■ **TASK DETAILS**: Go through the data below and transcribe it exactly. Omit the images.

──────────────────────────────

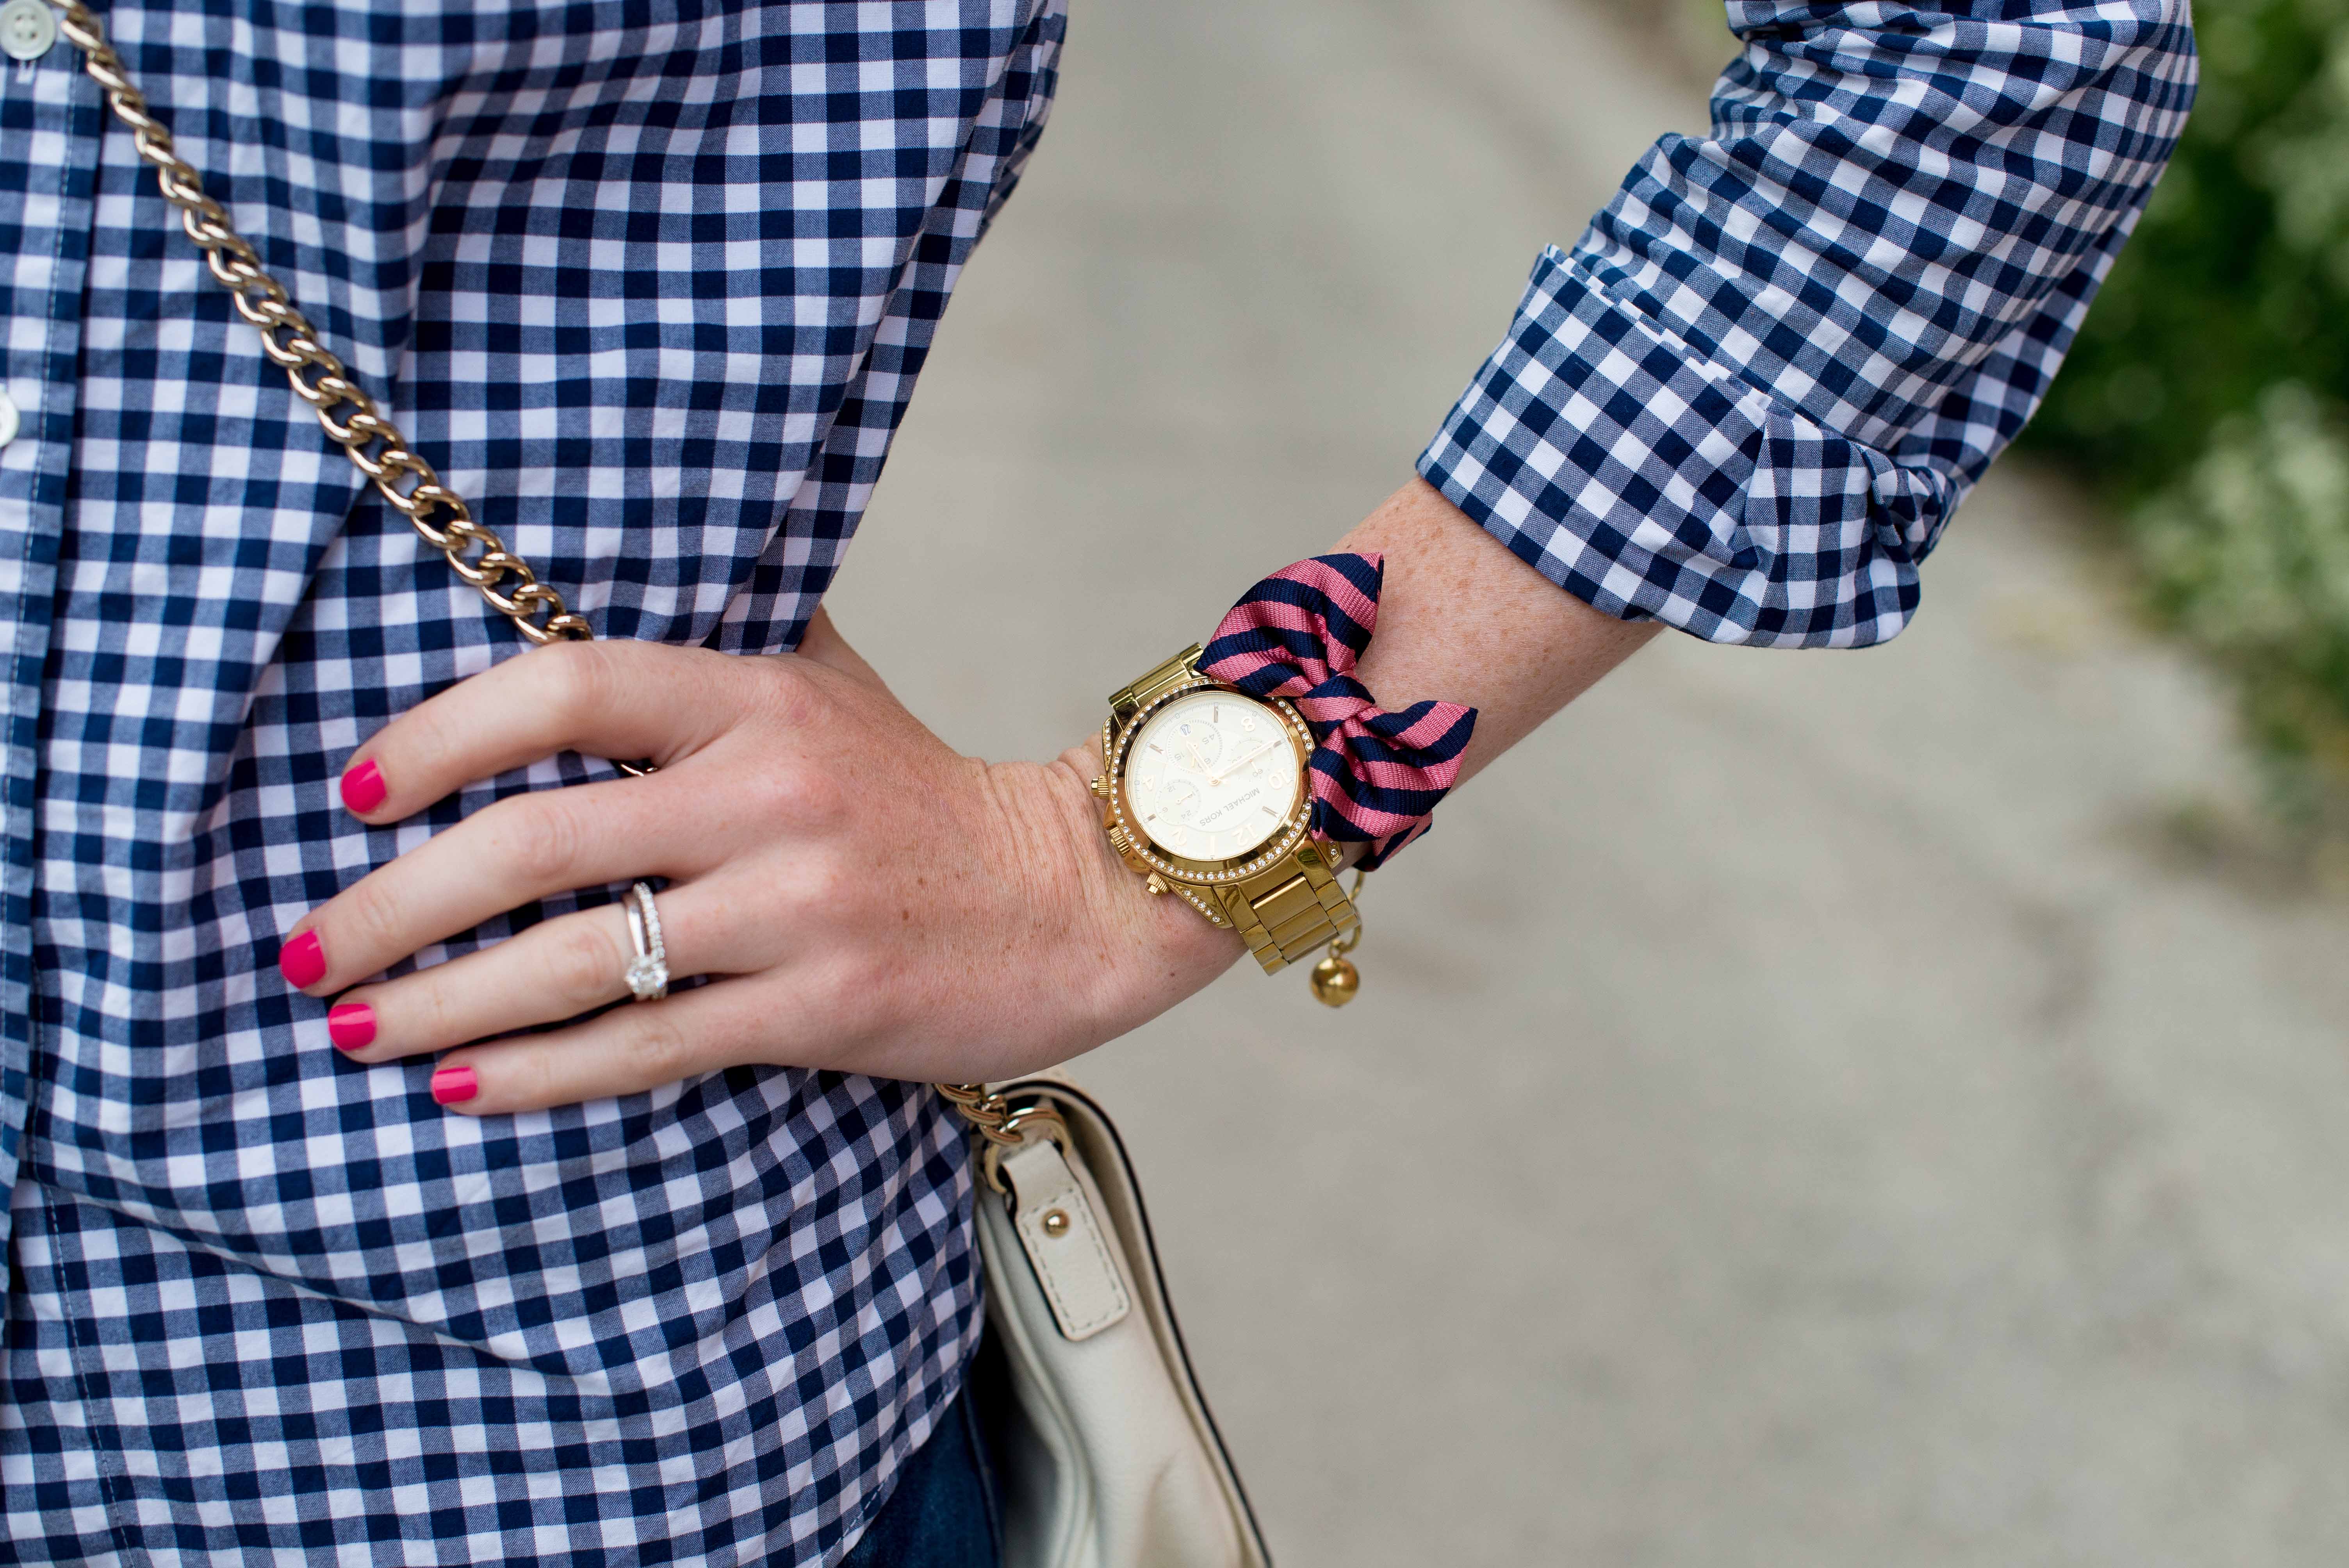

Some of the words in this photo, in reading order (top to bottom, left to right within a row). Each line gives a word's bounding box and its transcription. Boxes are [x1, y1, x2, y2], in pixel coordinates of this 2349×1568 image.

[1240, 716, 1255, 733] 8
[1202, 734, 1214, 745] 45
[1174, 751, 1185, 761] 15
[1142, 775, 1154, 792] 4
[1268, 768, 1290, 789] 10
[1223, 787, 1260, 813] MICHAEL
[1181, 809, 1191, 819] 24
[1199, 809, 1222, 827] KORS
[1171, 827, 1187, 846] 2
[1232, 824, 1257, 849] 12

──────────────────────────────

■ **RESULT OF THIS TASK**:
Some of the words in this photo, in reading order (top to bottom, left to right within a row). Each line gives a word's bounding box and its transcription. Boxes are [x1, y1, x2, y2], in pixel coordinates of this 2349×1568 image.

[1240, 716, 1255, 733] 8
[1202, 734, 1214, 745] 45
[1174, 751, 1185, 761] 15
[1142, 775, 1154, 792] 4
[1268, 768, 1290, 789] 10
[1223, 787, 1260, 813] MICHAEL
[1181, 809, 1191, 819] 24
[1199, 809, 1222, 827] KORS
[1171, 827, 1187, 846] 2
[1232, 824, 1257, 849] 12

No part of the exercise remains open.